→ **Problem to work on**: Beginning at the line that contains "this 1600×1200 image.", reproduce every line to the end of the material without changing any of them.

→ **Data for the task**:
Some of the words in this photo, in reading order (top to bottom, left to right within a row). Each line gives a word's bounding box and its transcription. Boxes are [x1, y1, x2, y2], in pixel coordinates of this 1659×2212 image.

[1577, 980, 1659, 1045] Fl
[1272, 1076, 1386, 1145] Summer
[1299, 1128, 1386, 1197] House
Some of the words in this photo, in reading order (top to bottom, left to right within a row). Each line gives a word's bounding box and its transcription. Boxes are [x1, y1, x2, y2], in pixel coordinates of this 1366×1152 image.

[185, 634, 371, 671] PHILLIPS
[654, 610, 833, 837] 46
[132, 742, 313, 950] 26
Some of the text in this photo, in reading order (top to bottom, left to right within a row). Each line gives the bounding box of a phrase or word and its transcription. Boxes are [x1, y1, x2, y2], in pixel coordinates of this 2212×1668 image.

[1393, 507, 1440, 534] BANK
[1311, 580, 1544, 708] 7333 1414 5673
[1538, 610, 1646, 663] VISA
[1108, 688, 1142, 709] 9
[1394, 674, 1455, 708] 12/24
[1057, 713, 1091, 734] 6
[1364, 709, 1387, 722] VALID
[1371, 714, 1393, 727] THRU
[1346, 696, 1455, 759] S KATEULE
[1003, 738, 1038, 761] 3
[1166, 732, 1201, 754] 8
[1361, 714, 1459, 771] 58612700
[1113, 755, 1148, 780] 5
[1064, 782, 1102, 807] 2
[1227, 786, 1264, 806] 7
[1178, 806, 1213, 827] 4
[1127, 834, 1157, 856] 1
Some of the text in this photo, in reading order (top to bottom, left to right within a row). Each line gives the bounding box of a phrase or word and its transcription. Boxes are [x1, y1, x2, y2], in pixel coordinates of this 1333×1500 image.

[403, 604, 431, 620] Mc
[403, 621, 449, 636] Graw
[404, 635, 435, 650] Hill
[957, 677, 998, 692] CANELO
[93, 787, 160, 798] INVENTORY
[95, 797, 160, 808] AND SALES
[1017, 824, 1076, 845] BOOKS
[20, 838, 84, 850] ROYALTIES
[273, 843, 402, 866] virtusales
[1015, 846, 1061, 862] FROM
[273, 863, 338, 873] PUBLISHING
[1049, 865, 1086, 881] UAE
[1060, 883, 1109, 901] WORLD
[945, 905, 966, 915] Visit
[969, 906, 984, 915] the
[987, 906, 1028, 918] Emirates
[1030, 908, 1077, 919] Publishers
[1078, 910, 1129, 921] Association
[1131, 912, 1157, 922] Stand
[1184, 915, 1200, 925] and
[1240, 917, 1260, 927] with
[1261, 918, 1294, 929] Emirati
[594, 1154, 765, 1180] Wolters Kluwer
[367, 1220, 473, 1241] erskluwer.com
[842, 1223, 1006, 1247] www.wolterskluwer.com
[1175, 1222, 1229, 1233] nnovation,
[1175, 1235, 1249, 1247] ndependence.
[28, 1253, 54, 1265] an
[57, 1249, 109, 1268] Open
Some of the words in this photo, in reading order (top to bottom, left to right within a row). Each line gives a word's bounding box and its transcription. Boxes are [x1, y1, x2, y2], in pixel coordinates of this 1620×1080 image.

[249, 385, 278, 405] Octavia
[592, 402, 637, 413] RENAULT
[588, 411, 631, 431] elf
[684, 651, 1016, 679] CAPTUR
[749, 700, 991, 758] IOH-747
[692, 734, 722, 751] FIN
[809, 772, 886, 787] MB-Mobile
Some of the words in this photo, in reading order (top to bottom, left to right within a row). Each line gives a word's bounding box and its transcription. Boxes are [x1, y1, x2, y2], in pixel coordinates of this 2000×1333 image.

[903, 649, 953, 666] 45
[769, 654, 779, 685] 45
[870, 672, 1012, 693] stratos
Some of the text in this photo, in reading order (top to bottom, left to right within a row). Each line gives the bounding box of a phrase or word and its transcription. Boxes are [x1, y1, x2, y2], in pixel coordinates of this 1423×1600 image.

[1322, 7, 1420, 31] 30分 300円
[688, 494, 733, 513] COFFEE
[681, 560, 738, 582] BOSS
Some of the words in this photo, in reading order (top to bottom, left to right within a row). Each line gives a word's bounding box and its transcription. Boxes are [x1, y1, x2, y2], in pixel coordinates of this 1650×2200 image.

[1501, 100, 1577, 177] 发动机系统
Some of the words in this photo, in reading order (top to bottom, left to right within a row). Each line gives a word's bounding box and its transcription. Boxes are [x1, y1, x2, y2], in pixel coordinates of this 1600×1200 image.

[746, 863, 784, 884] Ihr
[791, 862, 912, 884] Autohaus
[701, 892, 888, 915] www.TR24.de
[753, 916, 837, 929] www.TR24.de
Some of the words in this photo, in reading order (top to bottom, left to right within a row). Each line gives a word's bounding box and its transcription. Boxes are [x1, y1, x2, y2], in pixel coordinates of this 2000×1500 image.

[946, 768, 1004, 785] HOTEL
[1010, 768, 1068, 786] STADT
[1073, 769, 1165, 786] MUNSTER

→ **Solved exercise**:
Some of the words in this photo, in reading order (top to bottom, left to right within a row). Each line gives a word's bounding box and its transcription. Boxes are [x1, y1, x2, y2], in pixel coordinates of this 1600×1200 image.

[746, 863, 784, 884] Ihr
[791, 862, 912, 884] Autohaus
[701, 892, 888, 915] www.TR24.de
[753, 916, 837, 929] www.TR24.de
Some of the words in this photo, in reading order (top to bottom, left to right within a row). Each line gives a word's bounding box and its transcription. Boxes are [x1, y1, x2, y2], in pixel coordinates of this 2000×1500 image.

[946, 768, 1004, 785] HOTEL
[1010, 768, 1068, 786] STADT
[1073, 769, 1165, 786] MUNSTER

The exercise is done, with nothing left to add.